■ Stored data ■
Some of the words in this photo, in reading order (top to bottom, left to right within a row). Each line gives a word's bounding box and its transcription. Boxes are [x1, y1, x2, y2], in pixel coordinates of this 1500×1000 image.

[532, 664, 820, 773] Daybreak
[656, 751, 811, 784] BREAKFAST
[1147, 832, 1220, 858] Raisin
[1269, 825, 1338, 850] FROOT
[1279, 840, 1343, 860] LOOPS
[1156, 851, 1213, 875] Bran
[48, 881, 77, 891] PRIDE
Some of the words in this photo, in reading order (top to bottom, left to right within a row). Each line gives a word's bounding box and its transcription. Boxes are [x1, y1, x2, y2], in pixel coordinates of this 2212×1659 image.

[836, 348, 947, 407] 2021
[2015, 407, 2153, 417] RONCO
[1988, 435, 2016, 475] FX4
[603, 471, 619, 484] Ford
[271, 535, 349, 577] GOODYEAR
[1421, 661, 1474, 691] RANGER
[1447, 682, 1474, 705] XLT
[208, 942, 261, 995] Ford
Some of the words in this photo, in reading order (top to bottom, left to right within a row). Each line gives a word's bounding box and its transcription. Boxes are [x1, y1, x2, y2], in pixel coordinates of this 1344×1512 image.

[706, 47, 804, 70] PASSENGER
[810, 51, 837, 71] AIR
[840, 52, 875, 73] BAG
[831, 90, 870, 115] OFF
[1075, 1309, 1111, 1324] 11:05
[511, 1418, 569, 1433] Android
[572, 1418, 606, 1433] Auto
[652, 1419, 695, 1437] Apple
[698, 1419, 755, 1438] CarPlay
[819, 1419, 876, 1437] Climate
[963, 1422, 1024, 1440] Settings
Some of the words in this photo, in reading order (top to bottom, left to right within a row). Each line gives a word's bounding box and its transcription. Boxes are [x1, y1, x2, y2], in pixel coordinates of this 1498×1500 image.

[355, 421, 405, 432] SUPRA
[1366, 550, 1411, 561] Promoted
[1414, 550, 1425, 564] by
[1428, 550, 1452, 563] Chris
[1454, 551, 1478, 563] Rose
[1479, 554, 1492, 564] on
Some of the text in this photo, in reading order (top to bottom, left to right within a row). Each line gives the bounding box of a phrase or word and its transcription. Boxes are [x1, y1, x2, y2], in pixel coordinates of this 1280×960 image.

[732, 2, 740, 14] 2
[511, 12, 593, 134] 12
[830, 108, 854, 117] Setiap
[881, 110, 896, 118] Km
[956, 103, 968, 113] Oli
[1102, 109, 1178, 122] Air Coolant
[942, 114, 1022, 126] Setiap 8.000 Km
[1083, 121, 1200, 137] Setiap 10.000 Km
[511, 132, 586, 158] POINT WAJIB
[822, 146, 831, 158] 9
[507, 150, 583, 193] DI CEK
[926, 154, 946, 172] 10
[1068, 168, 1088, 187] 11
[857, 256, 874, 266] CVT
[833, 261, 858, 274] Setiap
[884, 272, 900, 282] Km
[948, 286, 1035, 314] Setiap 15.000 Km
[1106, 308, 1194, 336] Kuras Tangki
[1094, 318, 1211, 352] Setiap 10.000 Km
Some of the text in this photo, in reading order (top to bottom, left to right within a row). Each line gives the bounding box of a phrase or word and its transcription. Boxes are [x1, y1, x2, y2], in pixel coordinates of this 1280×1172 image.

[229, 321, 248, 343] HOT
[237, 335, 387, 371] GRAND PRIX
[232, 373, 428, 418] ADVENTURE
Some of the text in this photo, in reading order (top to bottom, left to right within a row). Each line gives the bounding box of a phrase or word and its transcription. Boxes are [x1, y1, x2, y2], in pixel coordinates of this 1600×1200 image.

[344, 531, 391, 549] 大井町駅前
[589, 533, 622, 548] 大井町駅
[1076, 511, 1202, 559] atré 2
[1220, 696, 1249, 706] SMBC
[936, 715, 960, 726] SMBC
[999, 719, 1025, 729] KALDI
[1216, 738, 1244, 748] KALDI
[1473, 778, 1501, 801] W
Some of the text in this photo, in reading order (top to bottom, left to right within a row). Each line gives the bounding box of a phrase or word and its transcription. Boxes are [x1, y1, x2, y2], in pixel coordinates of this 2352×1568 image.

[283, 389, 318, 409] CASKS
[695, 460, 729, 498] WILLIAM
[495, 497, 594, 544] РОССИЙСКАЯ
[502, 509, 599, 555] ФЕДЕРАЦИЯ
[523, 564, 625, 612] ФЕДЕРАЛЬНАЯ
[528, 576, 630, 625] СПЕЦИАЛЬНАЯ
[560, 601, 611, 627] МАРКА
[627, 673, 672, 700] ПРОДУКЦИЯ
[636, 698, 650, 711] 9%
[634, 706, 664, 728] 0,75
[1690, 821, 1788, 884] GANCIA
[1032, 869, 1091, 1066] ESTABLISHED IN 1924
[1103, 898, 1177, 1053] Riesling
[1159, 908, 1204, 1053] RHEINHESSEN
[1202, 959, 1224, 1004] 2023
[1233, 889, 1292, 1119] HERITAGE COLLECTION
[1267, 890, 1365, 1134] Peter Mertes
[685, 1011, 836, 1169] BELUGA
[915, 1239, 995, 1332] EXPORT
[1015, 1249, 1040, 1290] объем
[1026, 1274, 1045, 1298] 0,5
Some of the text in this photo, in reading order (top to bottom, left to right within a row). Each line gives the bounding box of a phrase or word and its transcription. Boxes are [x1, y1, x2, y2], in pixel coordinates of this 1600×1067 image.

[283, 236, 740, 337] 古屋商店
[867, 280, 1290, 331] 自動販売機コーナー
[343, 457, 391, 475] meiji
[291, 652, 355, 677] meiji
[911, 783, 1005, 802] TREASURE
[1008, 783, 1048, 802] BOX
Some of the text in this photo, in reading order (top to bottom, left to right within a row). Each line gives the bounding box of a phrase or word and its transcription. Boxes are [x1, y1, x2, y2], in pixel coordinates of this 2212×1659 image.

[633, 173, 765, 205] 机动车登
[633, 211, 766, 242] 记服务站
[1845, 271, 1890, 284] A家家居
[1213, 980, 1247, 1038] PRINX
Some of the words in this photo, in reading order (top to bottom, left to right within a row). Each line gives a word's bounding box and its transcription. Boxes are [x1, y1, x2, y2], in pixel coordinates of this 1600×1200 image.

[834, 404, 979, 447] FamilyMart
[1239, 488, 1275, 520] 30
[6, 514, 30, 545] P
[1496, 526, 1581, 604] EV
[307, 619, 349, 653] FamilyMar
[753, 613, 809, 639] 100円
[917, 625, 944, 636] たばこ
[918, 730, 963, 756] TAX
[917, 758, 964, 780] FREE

■ Activity ■
Exact copies of the lines from the one with "this 1600×1067 image." through the final line of the listing should be returned, and no other lines.

■ Exercise solution ■
Some of the text in this photo, in reading order (top to bottom, left to right within a row). Each line gives the bounding box of a phrase or word and its transcription. Boxes are [x1, y1, x2, y2], in pixel coordinates of this 1600×1067 image.

[283, 236, 740, 337] 古屋商店
[867, 280, 1290, 331] 自動販売機コーナー
[343, 457, 391, 475] meiji
[291, 652, 355, 677] meiji
[911, 783, 1005, 802] TREASURE
[1008, 783, 1048, 802] BOX
Some of the text in this photo, in reading order (top to bottom, left to right within a row). Each line gives the bounding box of a phrase or word and its transcription. Boxes are [x1, y1, x2, y2], in pixel coordinates of this 2212×1659 image.

[633, 173, 765, 205] 机动车登
[633, 211, 766, 242] 记服务站
[1845, 271, 1890, 284] A家家居
[1213, 980, 1247, 1038] PRINX
Some of the words in this photo, in reading order (top to bottom, left to right within a row). Each line gives a word's bounding box and its transcription. Boxes are [x1, y1, x2, y2], in pixel coordinates of this 1600×1200 image.

[834, 404, 979, 447] FamilyMart
[1239, 488, 1275, 520] 30
[6, 514, 30, 545] P
[1496, 526, 1581, 604] EV
[307, 619, 349, 653] FamilyMar
[753, 613, 809, 639] 100円
[917, 625, 944, 636] たばこ
[918, 730, 963, 756] TAX
[917, 758, 964, 780] FREE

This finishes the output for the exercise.